Values for all 11 WM metrics by sex and across age after removing outliers. (A) Fractional Anisotropy (FA); (B) Mean Signal Diffusion (MSD); (C) Mean Signal Kurtosis (MSK); (D) Neurite Density Index (NDI) from NODDI; (E) Orientation Dispersion Index (ODI) from NODDI; (F) Volume Fraction of Free isotropic water (F_iso) from NODDI; (G) MSDvar - range of MSD values across 27 WM tracks; (H) MTR values across age; (I) T1w vs. T2w ratio; (J) Volume of White Matter Hyper-Intensities (WMHI) normalised by head size. (K) total White Matter Volume (WMV) volume corrected for head size. The proportion of variance (R² explained by the Linear (A) and Quadratic (Q) effects of age (after accounting for main effect of sex and sex-by-age interactions) is shown at the top of each panel.

Fig. 3

Correlation matrix for all 11 WM measures across participants before (left) and after (right) correcting for sex, linear and quadratic age effects, and the sex-by-age interactions.

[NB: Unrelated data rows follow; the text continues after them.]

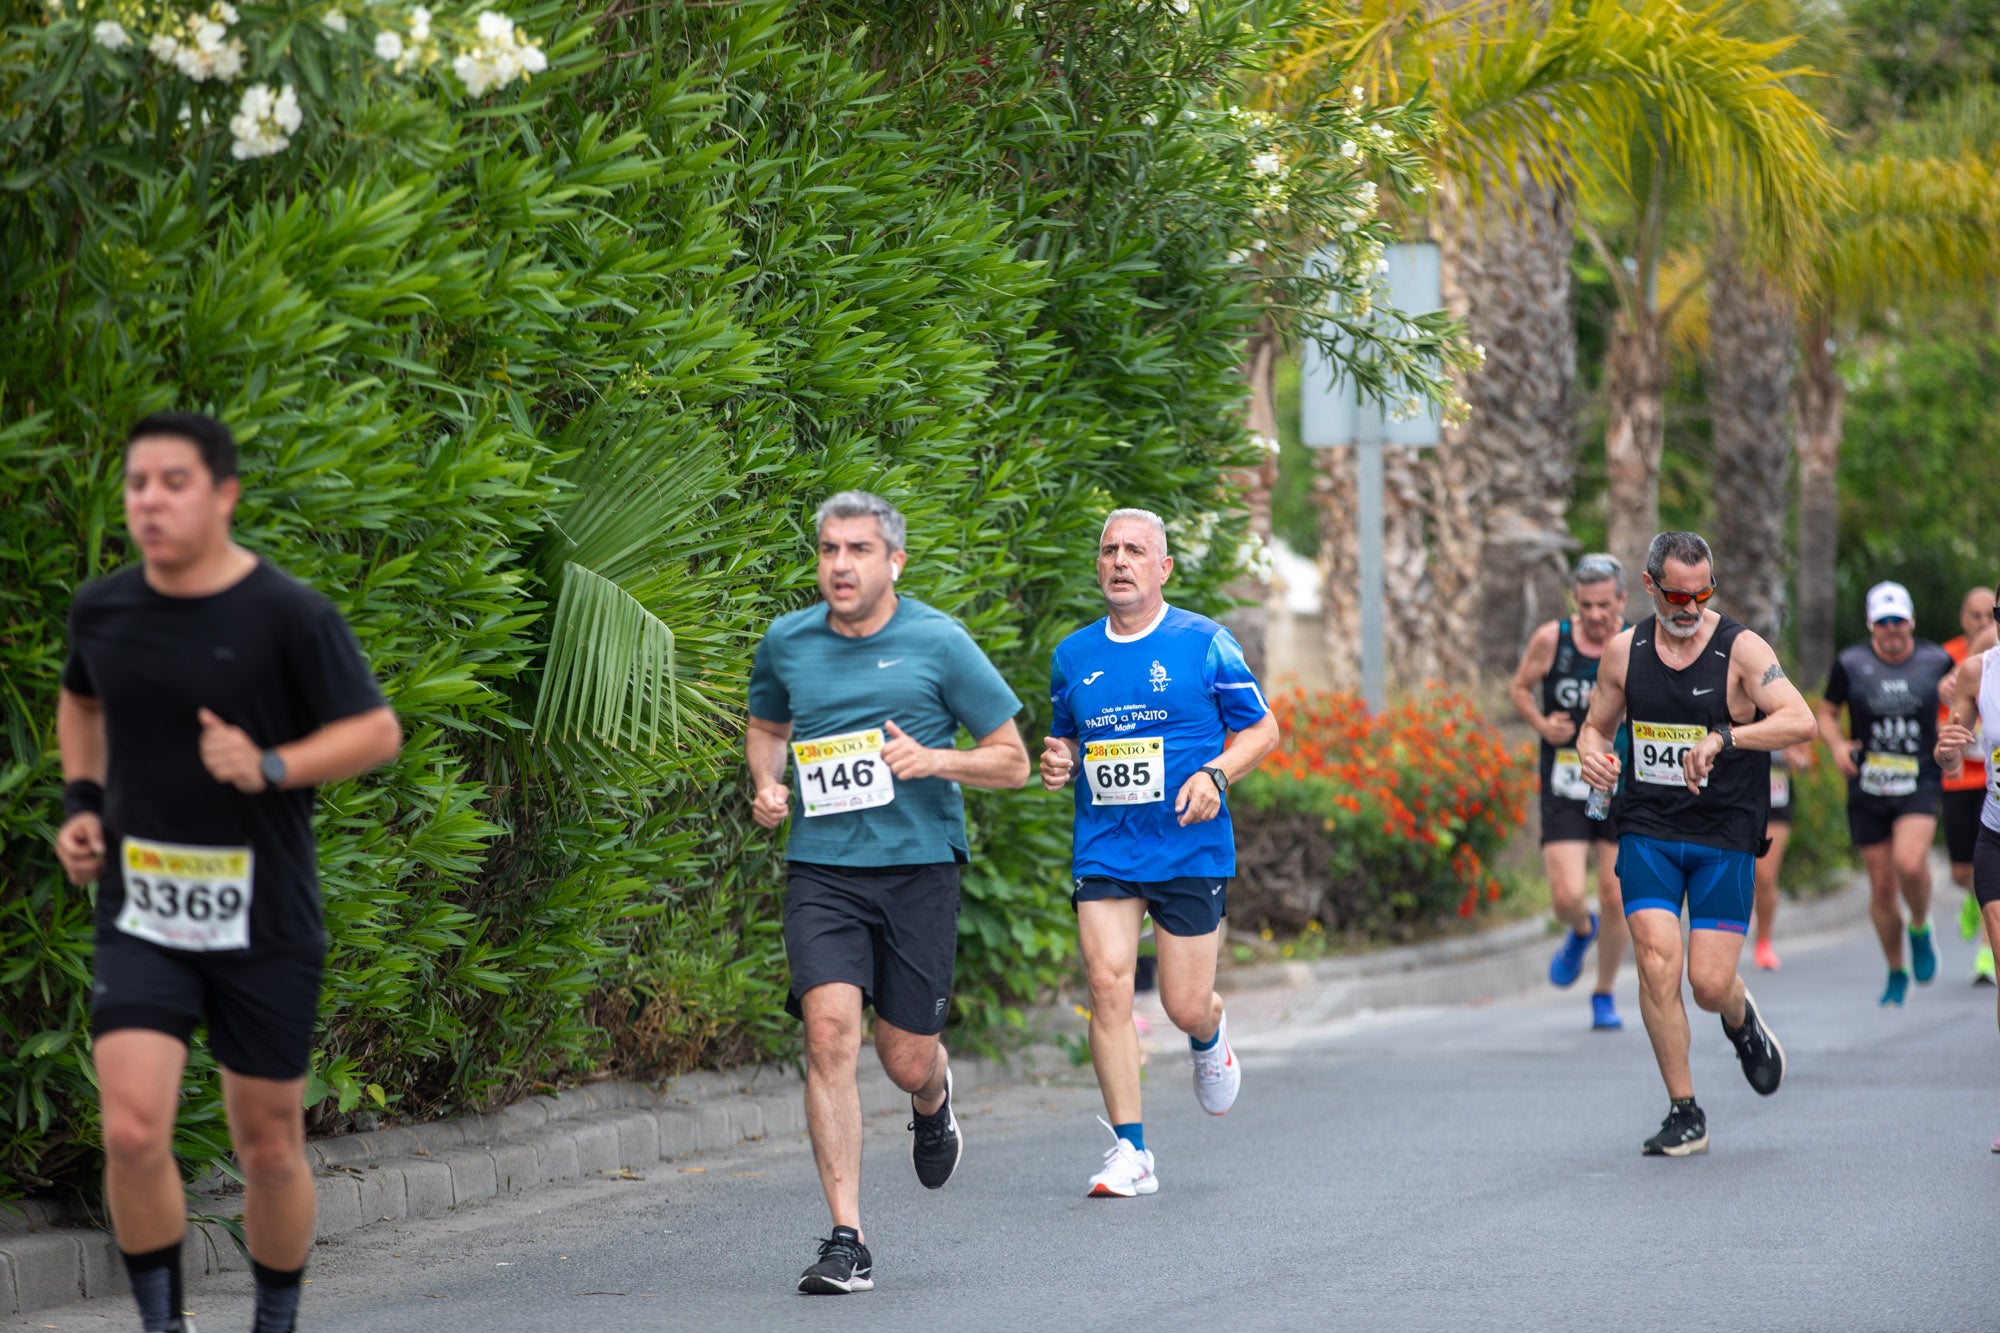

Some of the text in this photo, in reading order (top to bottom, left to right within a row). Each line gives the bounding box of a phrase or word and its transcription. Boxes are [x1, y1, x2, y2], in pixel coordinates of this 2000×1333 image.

[1085, 715, 1117, 728] PAZITO
[1131, 710, 1168, 720] PAZITO
[1642, 726, 1652, 737] 38
[1093, 745, 1145, 757] 38 FONDO
[812, 760, 874, 794] 146
[1096, 761, 1151, 788] 685
[131, 877, 242, 922] 3369
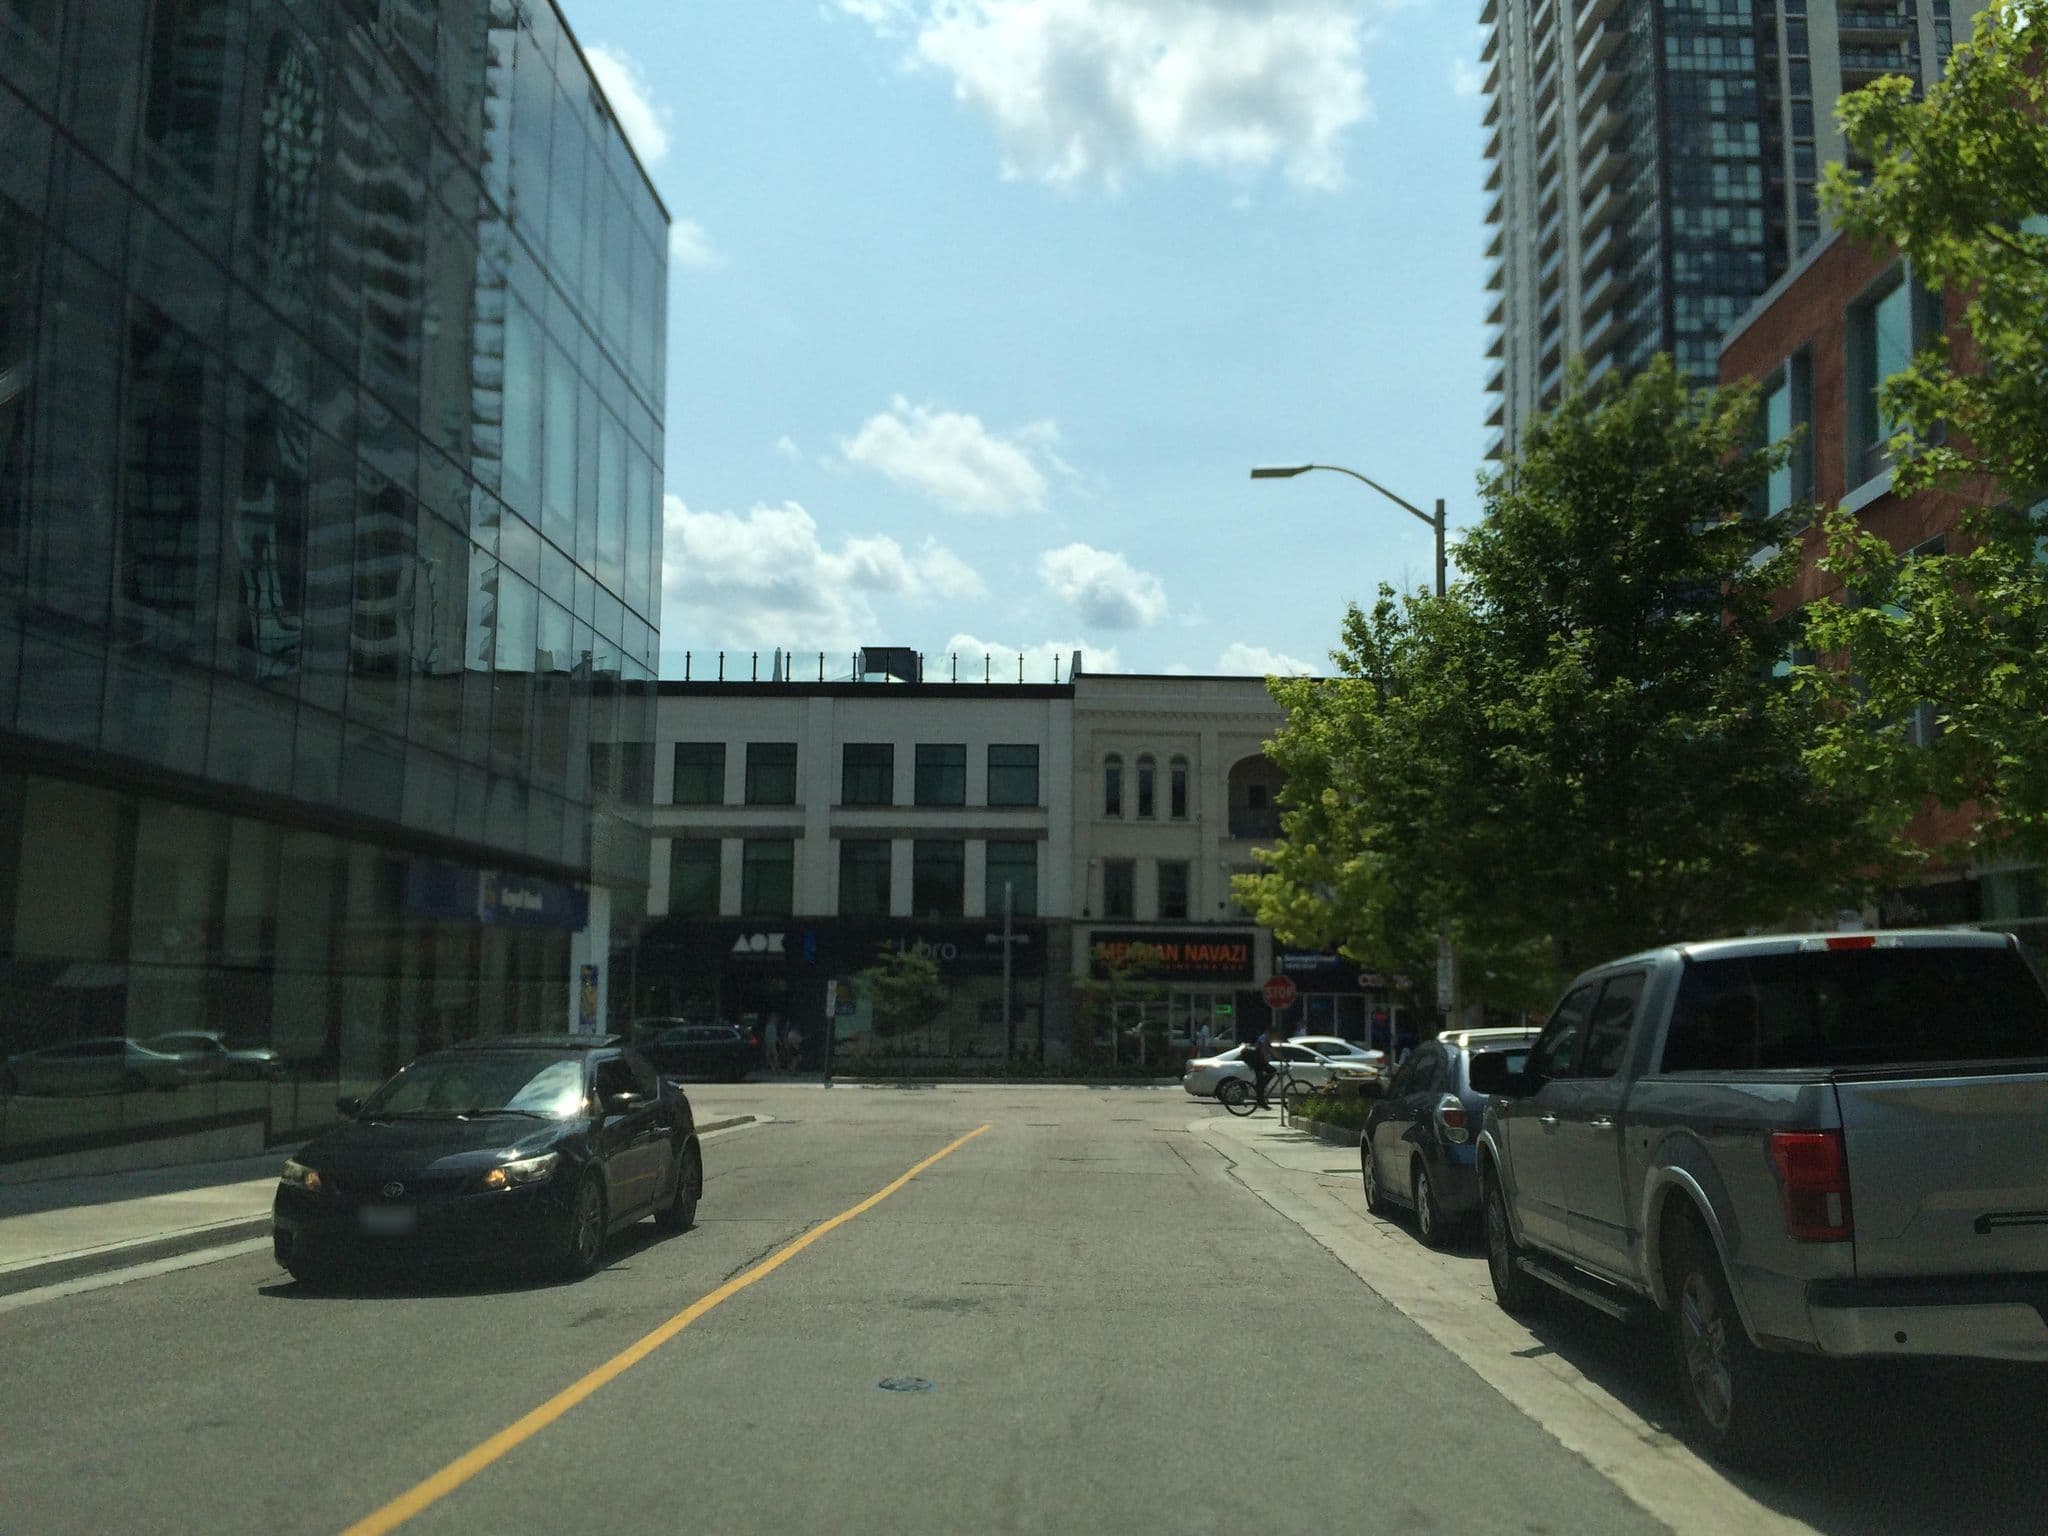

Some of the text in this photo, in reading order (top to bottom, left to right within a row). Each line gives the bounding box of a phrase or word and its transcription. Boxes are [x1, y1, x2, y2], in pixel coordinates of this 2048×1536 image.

[899, 936, 957, 960] Lbro
[1184, 943, 1247, 961] NAVAZI
[1264, 985, 1293, 999] STOP
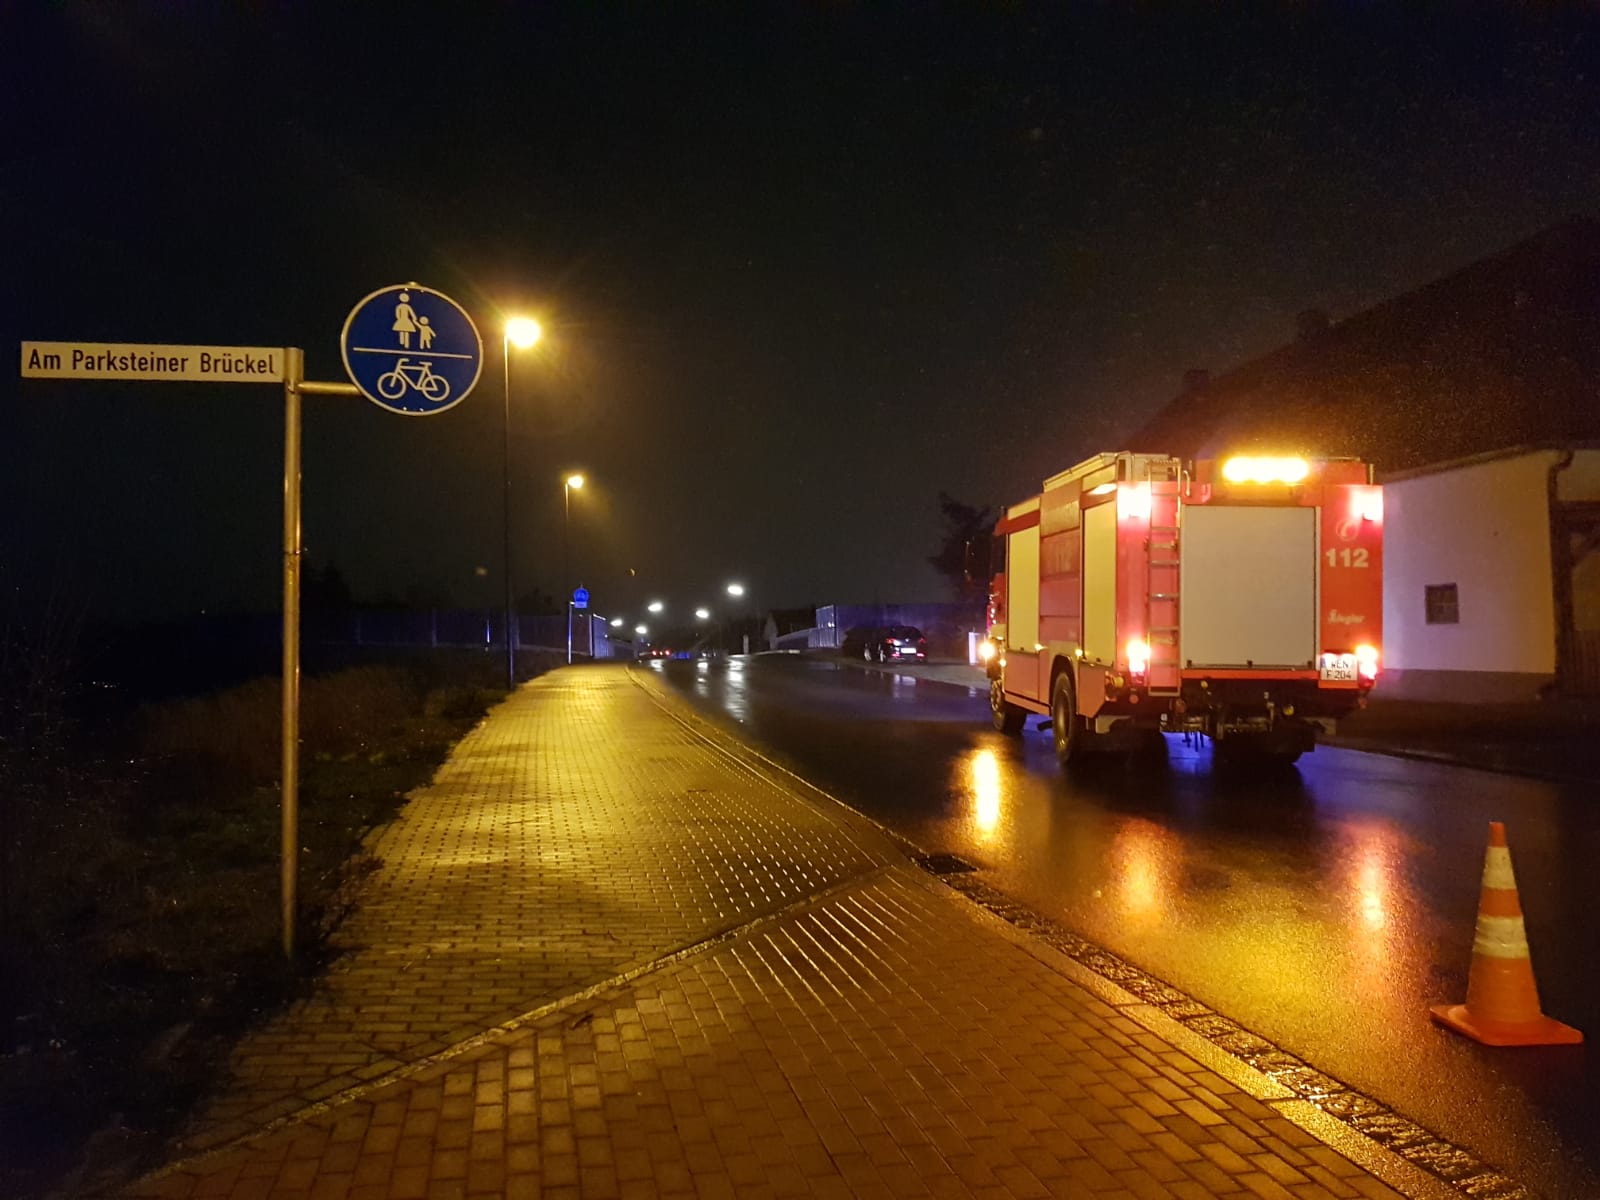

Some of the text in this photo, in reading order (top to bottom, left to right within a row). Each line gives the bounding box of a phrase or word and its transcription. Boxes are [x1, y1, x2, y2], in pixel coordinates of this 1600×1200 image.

Metrics are ordered according to the dendrogram of agglomerative similarity between measures.

Fig. 4

PCA cross-validation. The figure shows the ekf cross-validated error as a function of number of principal components retained, along with the residual variance (inverse of variance explained) in orange. Based on the ekf, we selected 4 PCs and performed factor analysis with 4 factors.

Fig. 5

Loadings and Factor scores across age. We show factor loadings across all 11 WM measures and how the factor scores varied with age. We interpret Factor 1 (WMF1) as a microstructural properties/myelination factor. Factor 2 (WMF2) as free-water/tissue damage factor. Factor 3 (WMF3) as fibre-crossing complexity factor. Factor 4 (WMF4) as microstructural complexity.

Fig. 6

Path models relating cardiovascular factors to WM factors (left panels) and WM factors to Cognitive factors (right panels), without (top panels) and with (bottom panels) adjustment of outcome variables for Age and Sex effects. Solid coloured lines indicate significant paths. R-square values are shown as percentages below each dependent variable. Age and Sex were included as confounds of no interest, represented by dashed lines. LVF = latent vascular factor; WMF = white matter factor; IQ = fluid intelligence; PS = processing speed; Mem = episodic memory.

Fig. 7

Path Model for effects of WM on Cognition, now additionally controlling for polygenic scores (PGS) for cognitive ability.